Wednesday, June 8, 2011

Cuz Mickey Loves You



Is there an art to giving up? Just throwing your hands in the air and walking away? Like in the movie Office Space... Can I just not show up to the things that I don't like? What would that look like I wonder? My kid is throwing a tantrum, so maybe I can just sit and smile and read the funnies at the back of the paper. School kicks me in the stomach again, maybe I just fail out and chalk it up to some right/left wing conspiracy to keep me from succeeding. My job gives me a handful of white dog poop? It's all good, just lay low under the radar and allow vagal response to take over and sleep it out. All of these things are options. I don't say good options, but options that many take none the less. I don't have it in me. I just can't quit. I am a glutton for punishment or have a strange thing for pain. The problem with not being able to give up is that I have also been blessed with a very severe failure response. When I fail, I get crushed under the waves and I feel my bones snapping and the walls closing in or whatever other cliche you can think of. I WANT to quit. I WANT to crack an egg and sit back and enjoy my breakfast knowing I don't have to ever show up again. But I CAN'T. Something buried deeper in me gets really pissed. I begin seeing me against the world or whatever lame cliche you want to come up with and begin to fight. I have written about this before, mostly to illustrate how dumb stubbornness can be, but I think that God puts this fight in us. We can use it wisely and know when to hold em or whatever horrible Kenny Rogers lyric you can think of, or we can use it to rebound and recover.

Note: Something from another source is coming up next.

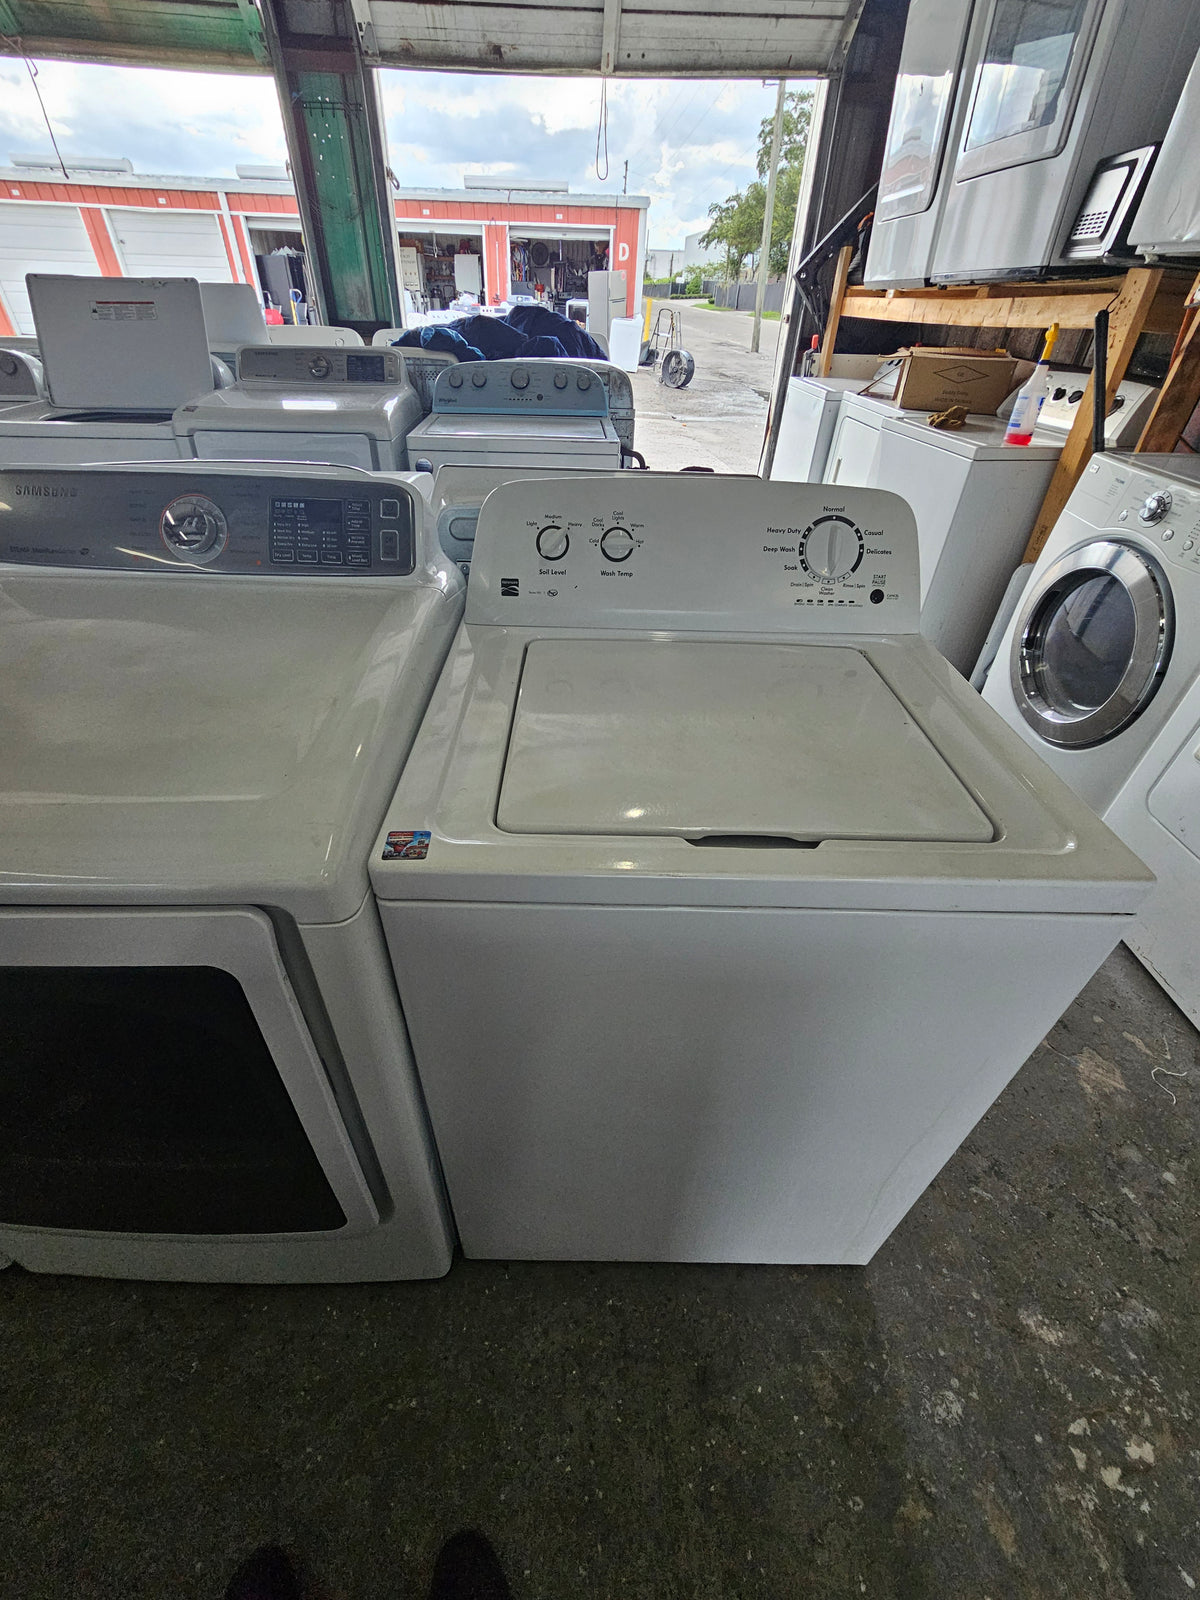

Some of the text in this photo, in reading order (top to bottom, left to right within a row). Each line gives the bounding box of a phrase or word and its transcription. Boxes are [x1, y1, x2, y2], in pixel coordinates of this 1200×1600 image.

I've been hit a lot. Sometimes I feel like some abused child sitting in his room listening to his father yell at his mom knowing he is coming for me next. I expect the worst in most things and I am not sure if that attitude actually causes the worst or not, but the worst usually happens. Not the worst thing ever, because many are going through that right now as I type this, but the worst that I can think of at the moment superficially. It isn't me. It isn't me who overcomes. Jesus said to take heart because He has overcome the world. He also says that He works all things for the good for those that love Him. I know it is God, I just am baffled at His methods. Because I am human. It's OK to not know everything. It's OK to get turned around by God and get confused. This is the human condition. We don't get to always know where God is leading us.

There is this line from the song that has stuck to my head for the last few weeks as I have been wading in constant trouble and turmoil. It's from one of my favorite bands The National. It says: "What makes you think I enjoy being led to the flood?" It is precisely what I feel sometimes. I know as a pastor, many will lower their glasses and shake their heads at me for saying this, but sometimes I get frustrated with God. Sometimes I really hate the way I have to learn things. I get really tired of being tested and failing as though I were expected to somehow pass an impossible test. I try to follow as closely as I can and yet it usually ends up with me being crushed and stomped out.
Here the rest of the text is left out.